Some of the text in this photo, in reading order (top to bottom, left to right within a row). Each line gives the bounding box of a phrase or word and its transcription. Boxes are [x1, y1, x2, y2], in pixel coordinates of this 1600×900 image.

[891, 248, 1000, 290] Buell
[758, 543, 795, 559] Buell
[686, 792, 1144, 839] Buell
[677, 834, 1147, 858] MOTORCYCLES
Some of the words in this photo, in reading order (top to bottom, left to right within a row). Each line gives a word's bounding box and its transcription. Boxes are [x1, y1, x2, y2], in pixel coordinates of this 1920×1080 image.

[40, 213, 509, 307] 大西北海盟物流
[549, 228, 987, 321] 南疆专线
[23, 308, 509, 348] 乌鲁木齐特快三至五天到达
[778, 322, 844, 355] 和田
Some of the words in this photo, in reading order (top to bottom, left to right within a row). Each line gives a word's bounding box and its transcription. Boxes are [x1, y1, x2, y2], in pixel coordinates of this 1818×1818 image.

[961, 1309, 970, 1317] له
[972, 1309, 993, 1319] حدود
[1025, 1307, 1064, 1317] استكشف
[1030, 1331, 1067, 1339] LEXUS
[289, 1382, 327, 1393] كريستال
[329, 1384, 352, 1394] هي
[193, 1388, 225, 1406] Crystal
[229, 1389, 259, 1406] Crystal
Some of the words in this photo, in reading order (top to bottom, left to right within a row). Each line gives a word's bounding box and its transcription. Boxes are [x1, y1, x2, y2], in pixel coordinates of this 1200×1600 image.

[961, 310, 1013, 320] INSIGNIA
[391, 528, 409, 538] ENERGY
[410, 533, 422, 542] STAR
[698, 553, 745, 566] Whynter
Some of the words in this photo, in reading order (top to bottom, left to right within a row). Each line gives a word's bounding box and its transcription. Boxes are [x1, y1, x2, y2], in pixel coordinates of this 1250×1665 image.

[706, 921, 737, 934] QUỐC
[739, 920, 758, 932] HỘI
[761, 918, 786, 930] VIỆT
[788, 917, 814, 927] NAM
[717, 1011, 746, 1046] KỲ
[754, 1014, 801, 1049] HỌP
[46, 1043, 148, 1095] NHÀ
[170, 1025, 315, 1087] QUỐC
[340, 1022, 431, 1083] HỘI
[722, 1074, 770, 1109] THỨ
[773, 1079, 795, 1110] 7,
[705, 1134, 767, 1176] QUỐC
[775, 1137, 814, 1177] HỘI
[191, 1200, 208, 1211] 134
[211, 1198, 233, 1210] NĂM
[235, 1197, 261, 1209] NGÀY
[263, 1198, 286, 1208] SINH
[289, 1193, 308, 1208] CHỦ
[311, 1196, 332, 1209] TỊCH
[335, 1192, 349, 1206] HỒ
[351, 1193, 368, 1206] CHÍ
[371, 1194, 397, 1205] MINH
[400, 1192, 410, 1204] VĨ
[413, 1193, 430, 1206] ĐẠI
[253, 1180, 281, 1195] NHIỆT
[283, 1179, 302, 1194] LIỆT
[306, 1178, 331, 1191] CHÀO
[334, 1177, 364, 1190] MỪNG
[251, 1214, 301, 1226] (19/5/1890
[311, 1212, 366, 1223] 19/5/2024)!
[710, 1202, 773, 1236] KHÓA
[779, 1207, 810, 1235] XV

■ ■ ■

▶ **Task brief**: Output all of the entries, exactly as they are written.

▶ **Response area**:
Some of the text in this photo, in reading order (top to bottom, left to right within a row). Each line gives the bounding box of a phrase or word and its transcription. Boxes are [x1, y1, x2, y2], in pixel coordinates of this 1600×900 image.

[891, 248, 1000, 290] Buell
[758, 543, 795, 559] Buell
[686, 792, 1144, 839] Buell
[677, 834, 1147, 858] MOTORCYCLES
Some of the words in this photo, in reading order (top to bottom, left to right within a row). Each line gives a word's bounding box and its transcription. Boxes are [x1, y1, x2, y2], in pixel coordinates of this 1920×1080 image.

[40, 213, 509, 307] 大西北海盟物流
[549, 228, 987, 321] 南疆专线
[23, 308, 509, 348] 乌鲁木齐特快三至五天到达
[778, 322, 844, 355] 和田
Some of the words in this photo, in reading order (top to bottom, left to right within a row). Each line gives a word's bounding box and its transcription. Boxes are [x1, y1, x2, y2], in pixel coordinates of this 1818×1818 image.

[961, 1309, 970, 1317] له
[972, 1309, 993, 1319] حدود
[1025, 1307, 1064, 1317] استكشف
[1030, 1331, 1067, 1339] LEXUS
[289, 1382, 327, 1393] كريستال
[329, 1384, 352, 1394] هي
[193, 1388, 225, 1406] Crystal
[229, 1389, 259, 1406] Crystal
Some of the words in this photo, in reading order (top to bottom, left to right within a row). Each line gives a word's bounding box and its transcription. Boxes are [x1, y1, x2, y2], in pixel coordinates of this 1200×1600 image.

[961, 310, 1013, 320] INSIGNIA
[391, 528, 409, 538] ENERGY
[410, 533, 422, 542] STAR
[698, 553, 745, 566] Whynter
Some of the words in this photo, in reading order (top to bottom, left to right within a row). Each line gives a word's bounding box and its transcription. Boxes are [x1, y1, x2, y2], in pixel coordinates of this 1250×1665 image.

[706, 921, 737, 934] QUỐC
[739, 920, 758, 932] HỘI
[761, 918, 786, 930] VIỆT
[788, 917, 814, 927] NAM
[717, 1011, 746, 1046] KỲ
[754, 1014, 801, 1049] HỌP
[46, 1043, 148, 1095] NHÀ
[170, 1025, 315, 1087] QUỐC
[340, 1022, 431, 1083] HỘI
[722, 1074, 770, 1109] THỨ
[773, 1079, 795, 1110] 7,
[705, 1134, 767, 1176] QUỐC
[775, 1137, 814, 1177] HỘI
[191, 1200, 208, 1211] 134
[211, 1198, 233, 1210] NĂM
[235, 1197, 261, 1209] NGÀY
[263, 1198, 286, 1208] SINH
[289, 1193, 308, 1208] CHỦ
[311, 1196, 332, 1209] TỊCH
[335, 1192, 349, 1206] HỒ
[351, 1193, 368, 1206] CHÍ
[371, 1194, 397, 1205] MINH
[400, 1192, 410, 1204] VĨ
[413, 1193, 430, 1206] ĐẠI
[253, 1180, 281, 1195] NHIỆT
[283, 1179, 302, 1194] LIỆT
[306, 1178, 331, 1191] CHÀO
[334, 1177, 364, 1190] MỪNG
[251, 1214, 301, 1226] (19/5/1890
[311, 1212, 366, 1223] 19/5/2024)!
[710, 1202, 773, 1236] KHÓA
[779, 1207, 810, 1235] XV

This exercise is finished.